**TASK TO CARRY OUT:**
Reproduce the lines below verbatim. Pictures are to be omitted.

----

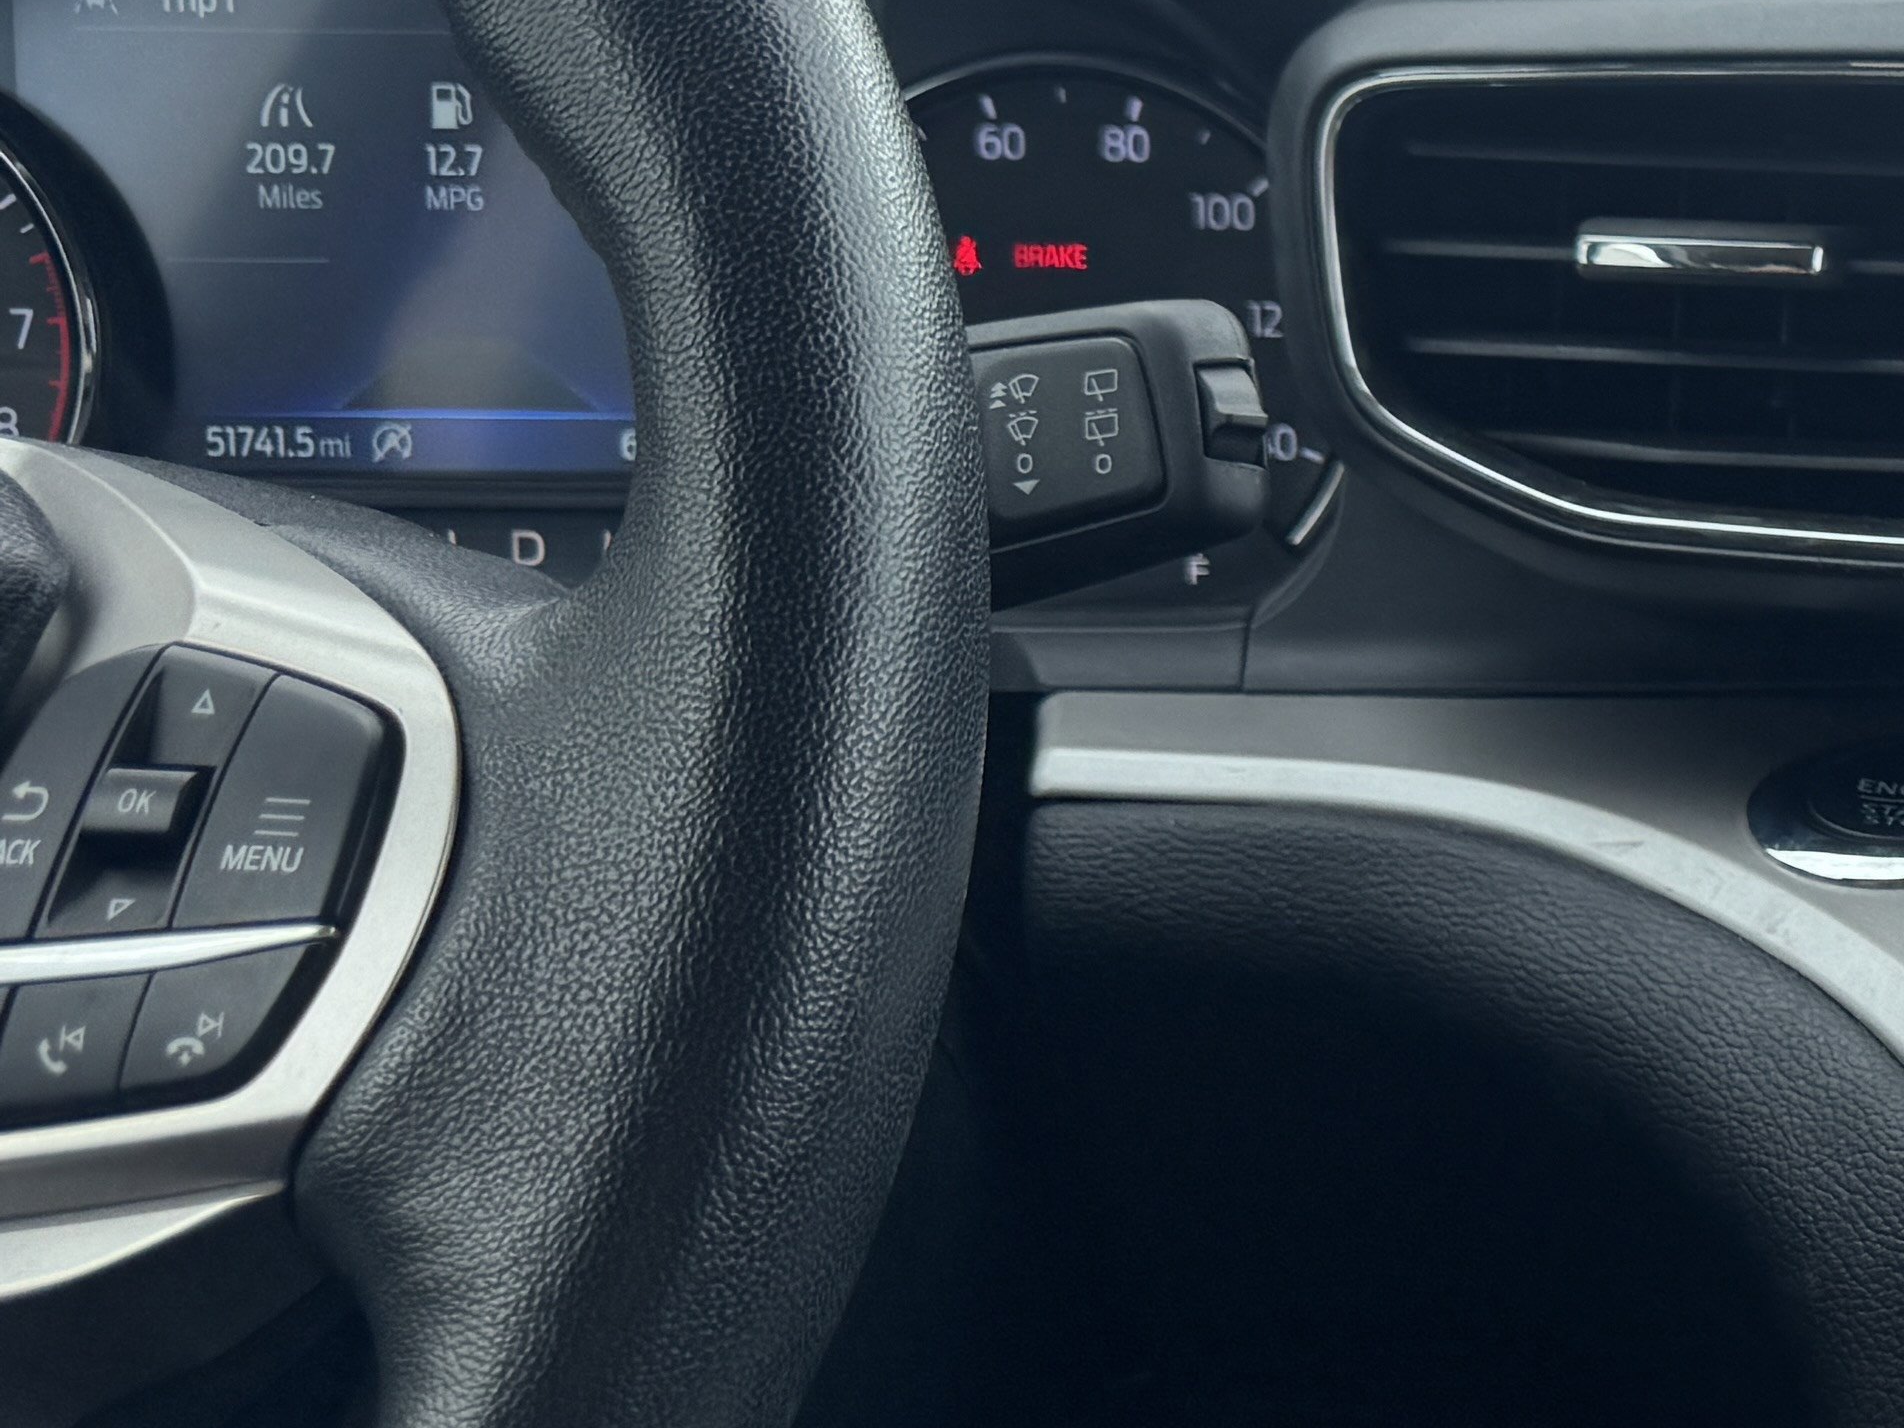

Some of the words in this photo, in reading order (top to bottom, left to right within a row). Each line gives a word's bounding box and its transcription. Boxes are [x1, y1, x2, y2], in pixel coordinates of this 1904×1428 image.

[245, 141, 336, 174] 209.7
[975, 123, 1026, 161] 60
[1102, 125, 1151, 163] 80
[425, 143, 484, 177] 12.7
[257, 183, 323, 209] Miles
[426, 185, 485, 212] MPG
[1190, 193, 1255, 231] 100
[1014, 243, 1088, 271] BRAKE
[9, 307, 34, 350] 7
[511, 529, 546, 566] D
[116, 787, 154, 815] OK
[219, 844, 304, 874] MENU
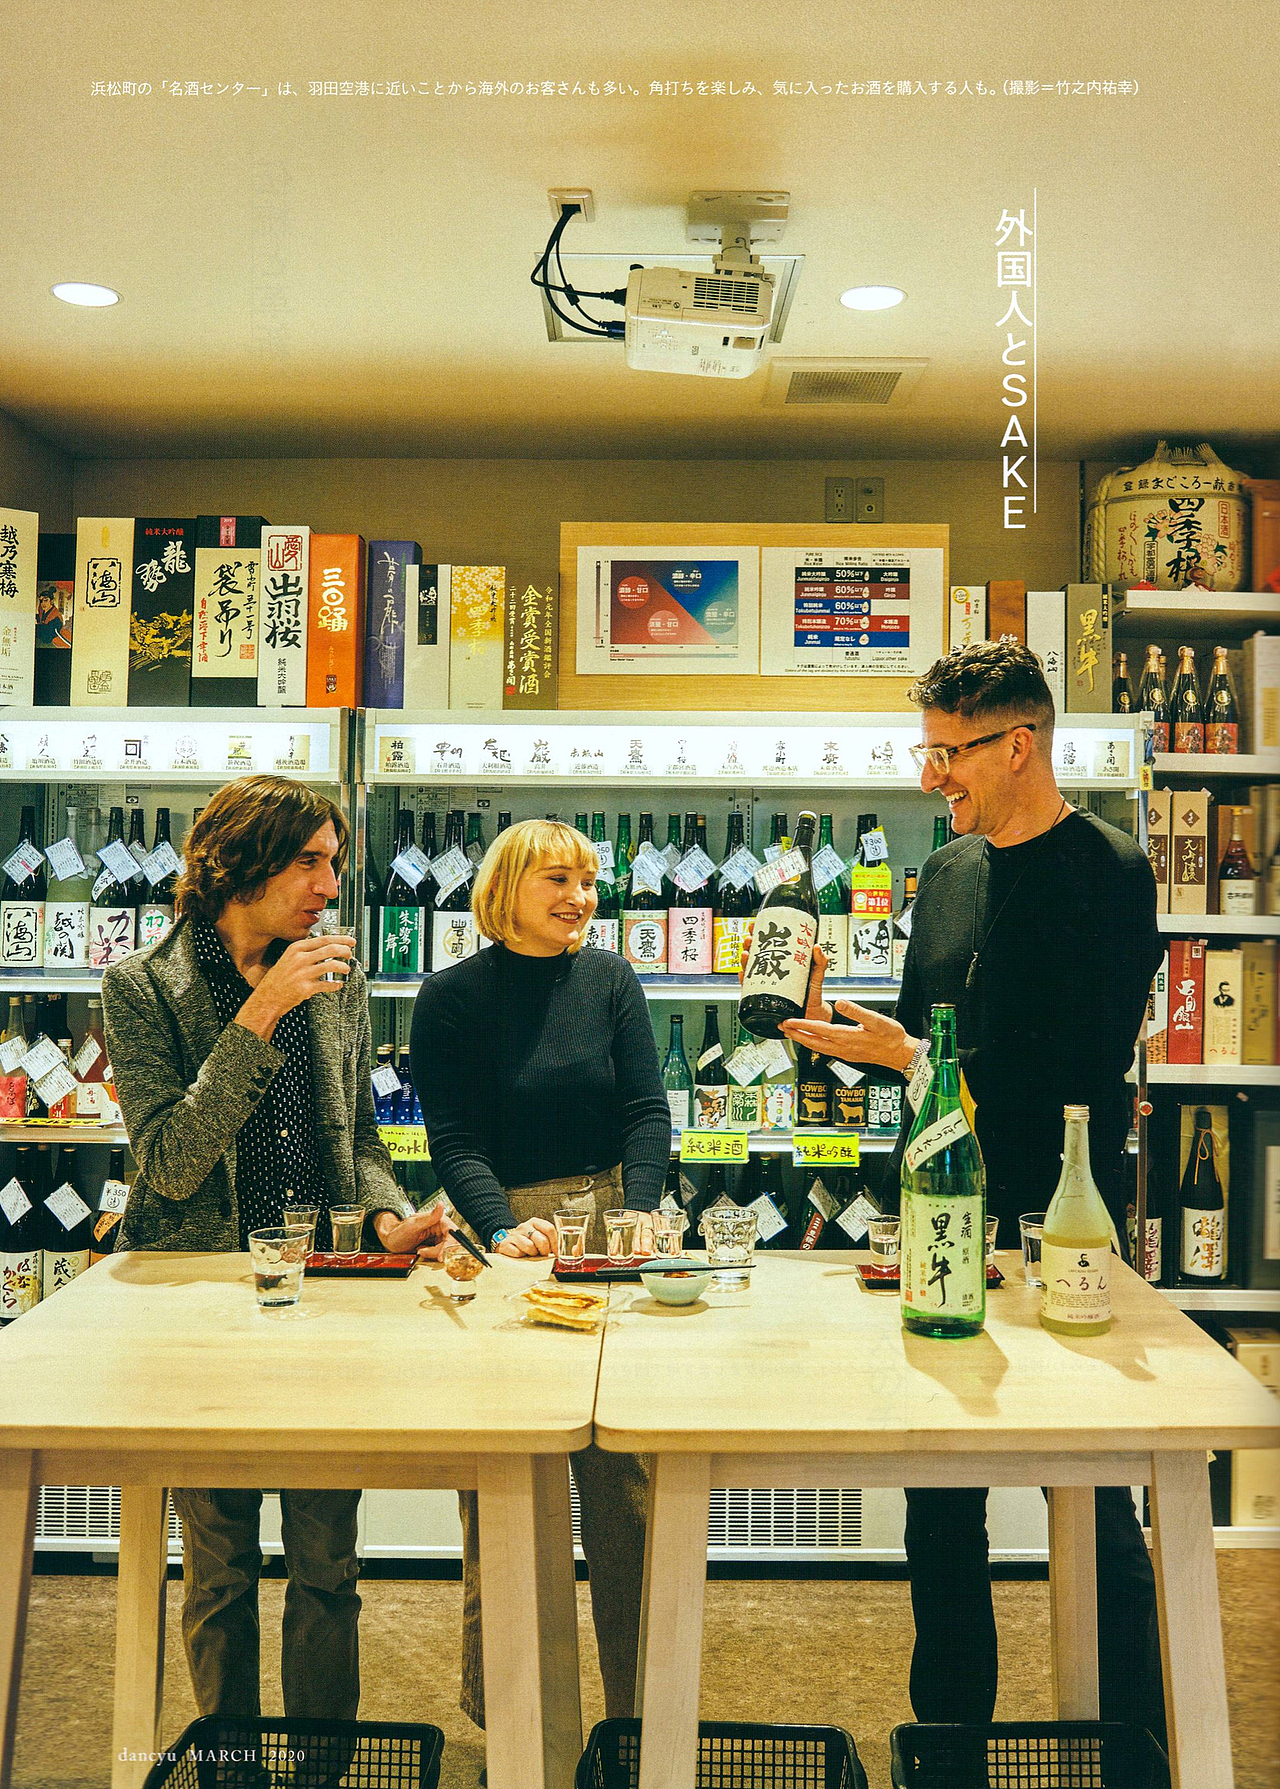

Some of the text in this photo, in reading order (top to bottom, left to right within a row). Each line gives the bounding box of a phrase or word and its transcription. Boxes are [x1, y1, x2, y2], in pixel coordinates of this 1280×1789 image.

----

**SOLUTION FOR THIS PROBLEM:**
Some of the words in this photo, in reading order (top to bottom, left to right within a row). Each line gives a word's bounding box and its transcription. Boxes are [x1, y1, x2, y2], in pixel coordinates of this 1904×1428 image.

[245, 141, 336, 174] 209.7
[975, 123, 1026, 161] 60
[1102, 125, 1151, 163] 80
[425, 143, 484, 177] 12.7
[257, 183, 323, 209] Miles
[426, 185, 485, 212] MPG
[1190, 193, 1255, 231] 100
[1014, 243, 1088, 271] BRAKE
[9, 307, 34, 350] 7
[511, 529, 546, 566] D
[116, 787, 154, 815] OK
[219, 844, 304, 874] MENU

Some of the text in this photo, in reading order (top to bottom, left to right within a row). Each line gives the bounding box of a phrase or word and its transcription. Boxes are [x1, y1, x2, y2], in pixel coordinates of this 1280×1789 image.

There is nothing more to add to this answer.